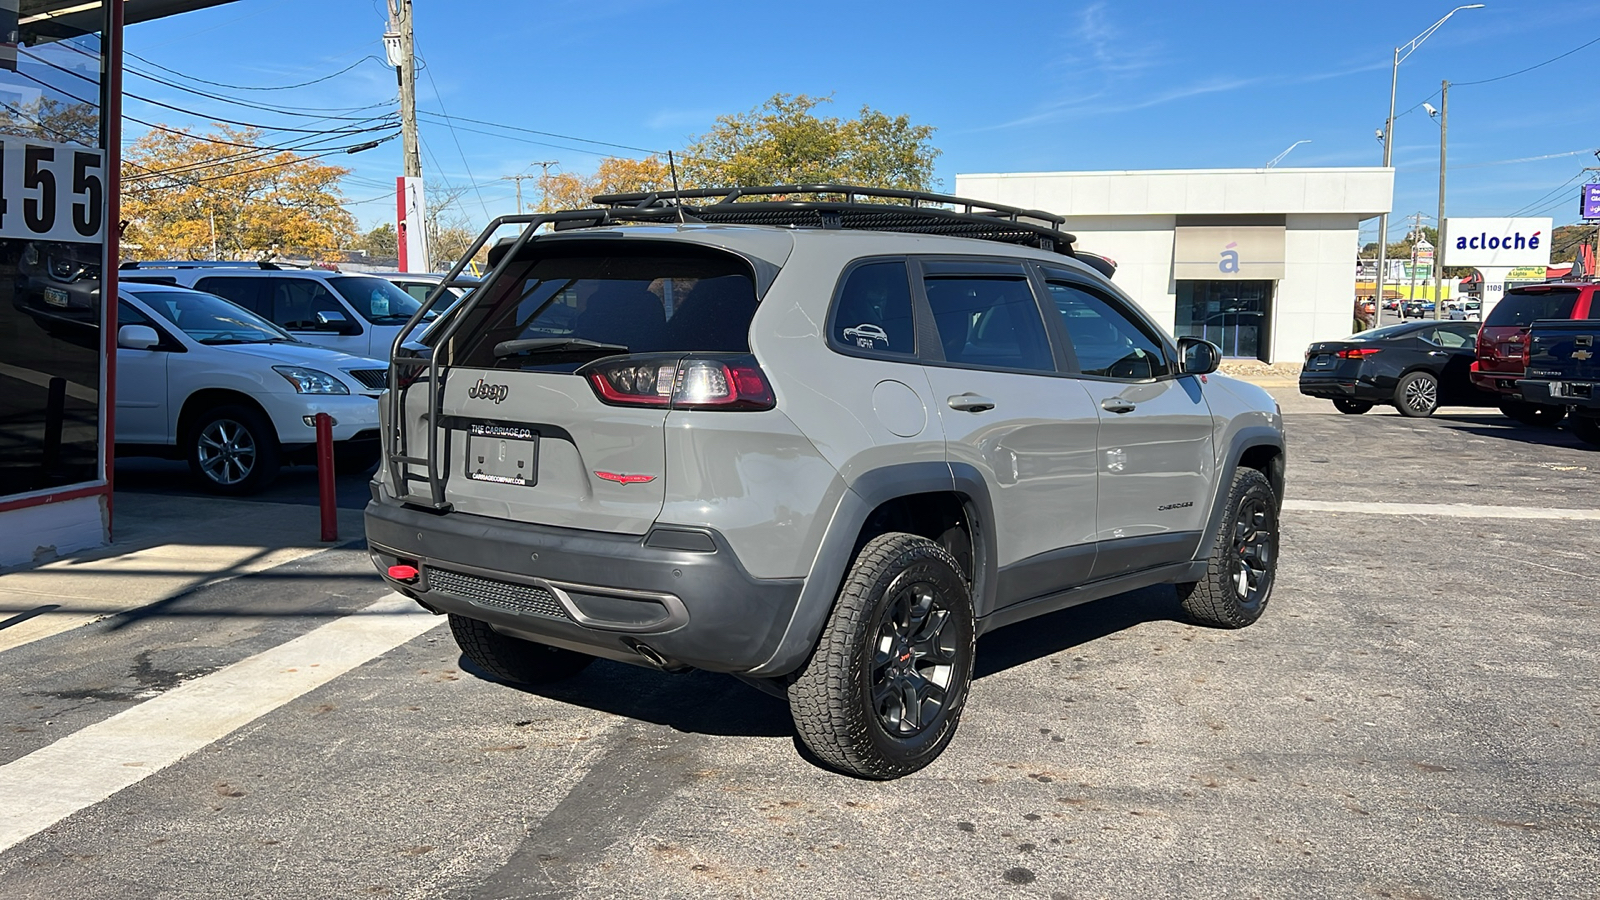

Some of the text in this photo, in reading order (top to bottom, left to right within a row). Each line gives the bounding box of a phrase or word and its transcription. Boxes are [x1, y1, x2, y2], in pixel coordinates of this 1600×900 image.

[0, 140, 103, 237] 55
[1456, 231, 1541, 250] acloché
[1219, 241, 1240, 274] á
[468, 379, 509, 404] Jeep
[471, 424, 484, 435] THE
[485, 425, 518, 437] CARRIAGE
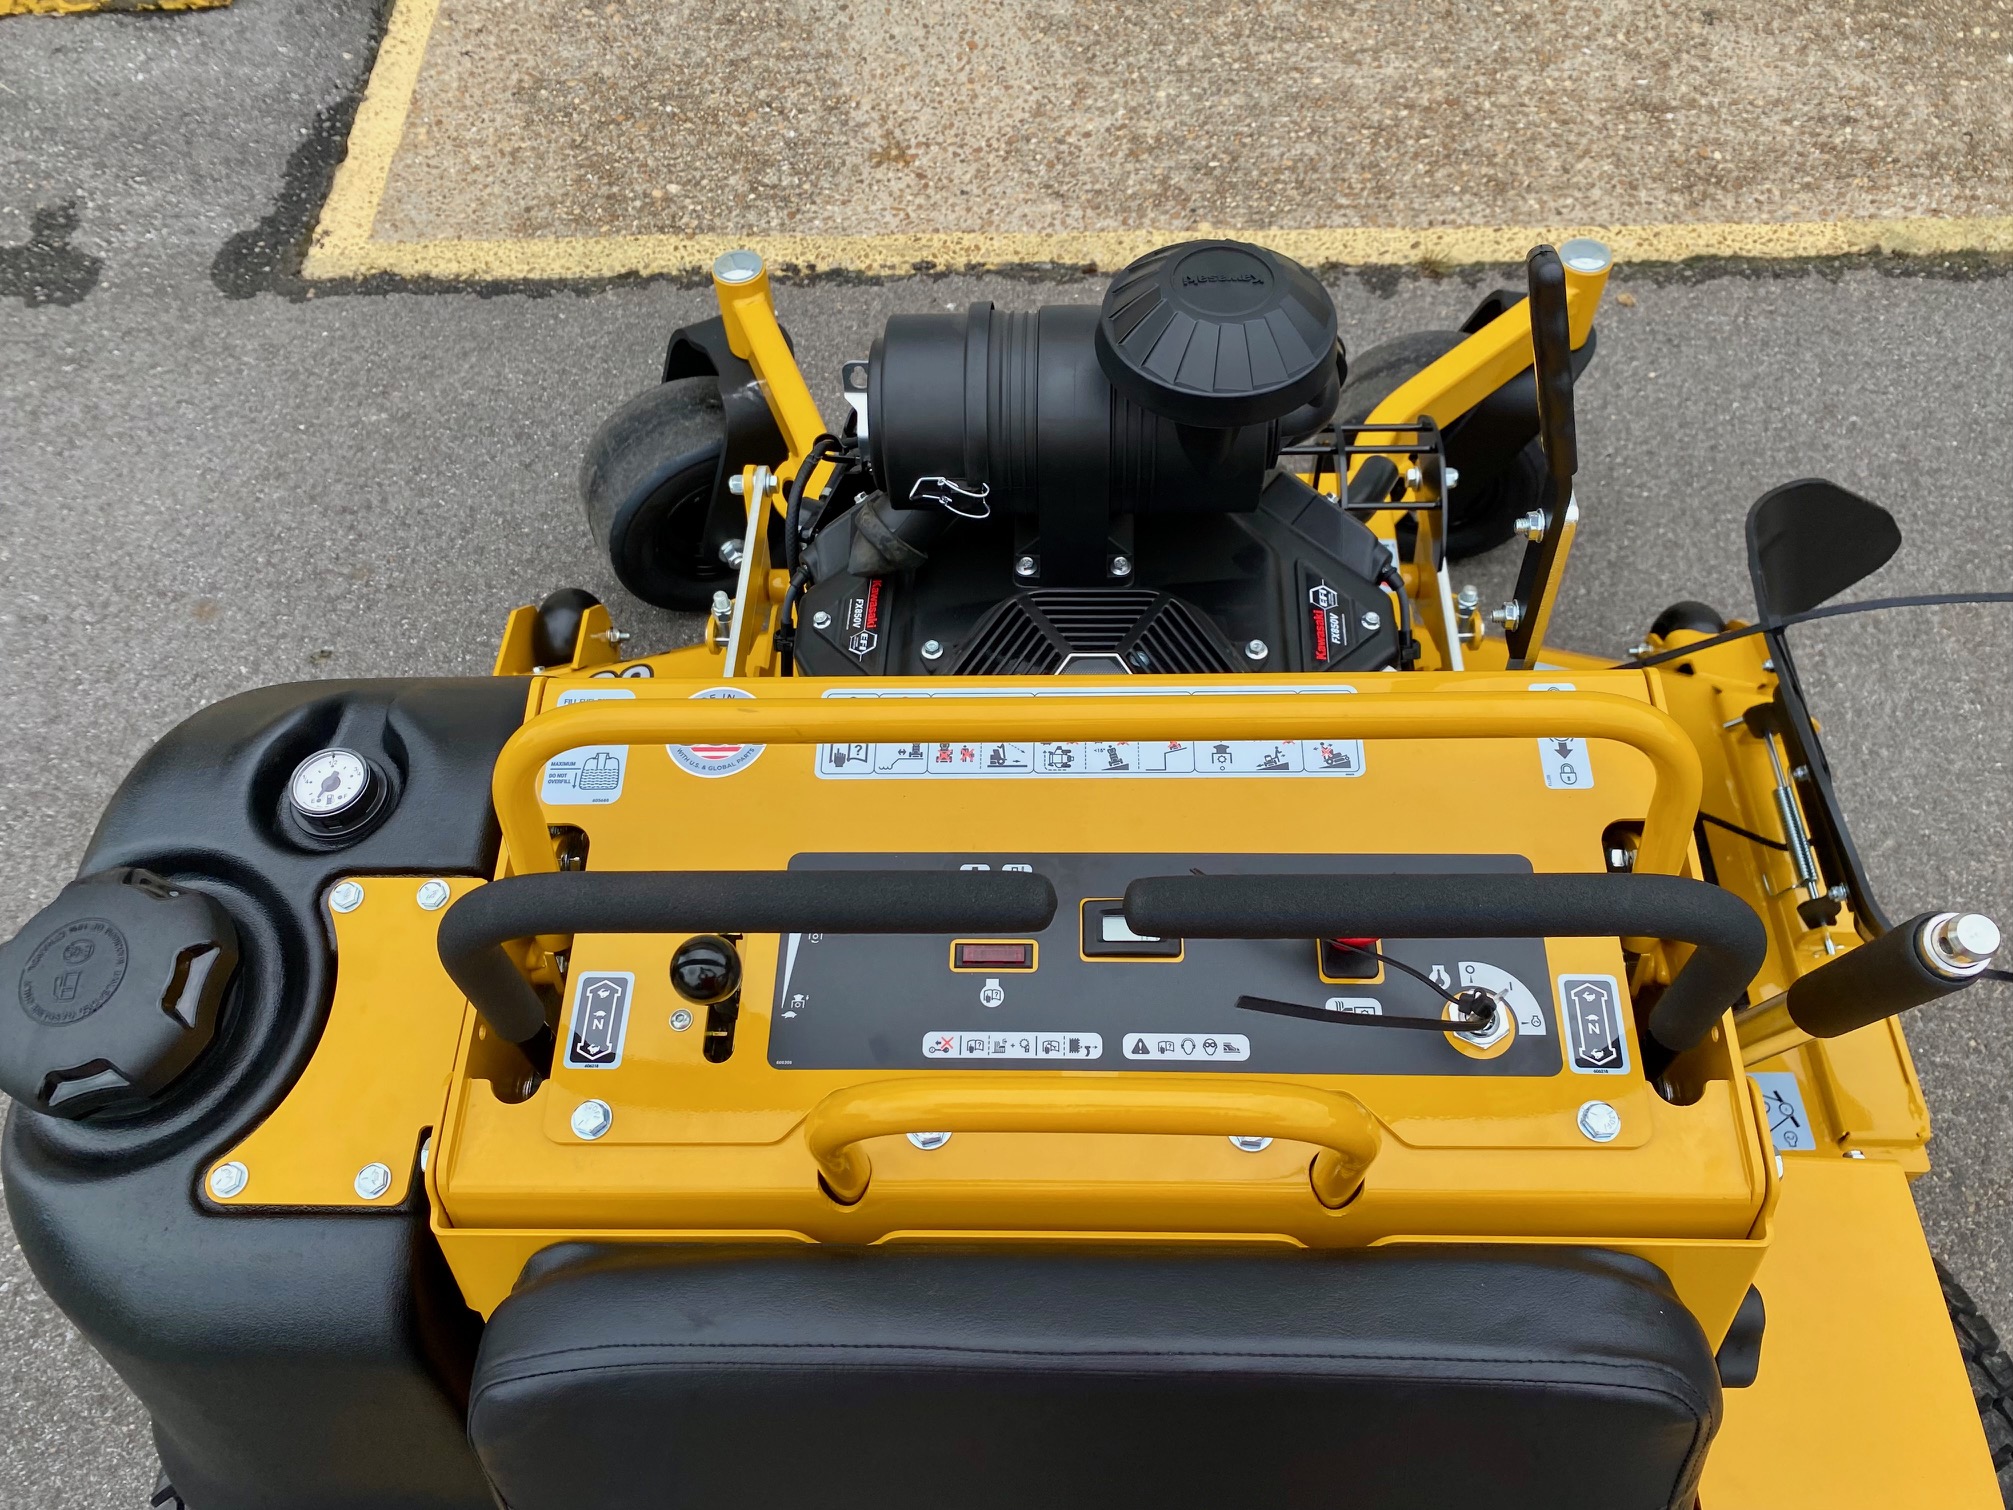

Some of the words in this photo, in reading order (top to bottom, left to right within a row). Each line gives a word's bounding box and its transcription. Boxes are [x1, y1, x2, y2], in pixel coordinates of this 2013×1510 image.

Exercise details: From the first line to the last, give the data again exactly, but without pictures.

Result:
Some of the text in this photo, in reading order (top to bottom, left to right within a row). Each line gives the bounding box of a phrase or word and its transcription. Boxes are [x1, y1, x2, y2], in pixel coordinates of this 1600×900 image.

[0, 140, 103, 237] 55
[1456, 231, 1541, 250] acloché
[1219, 241, 1240, 274] á
[468, 379, 509, 404] Jeep
[471, 424, 484, 435] THE
[485, 425, 518, 437] CARRIAGE

Some of the words in this photo, in reading order (top to bottom, left to right within a row). Each line gives a word's bounding box and its transcription. Boxes are [x1, y1, x2, y2], in pixel coordinates of this 2013×1510 image.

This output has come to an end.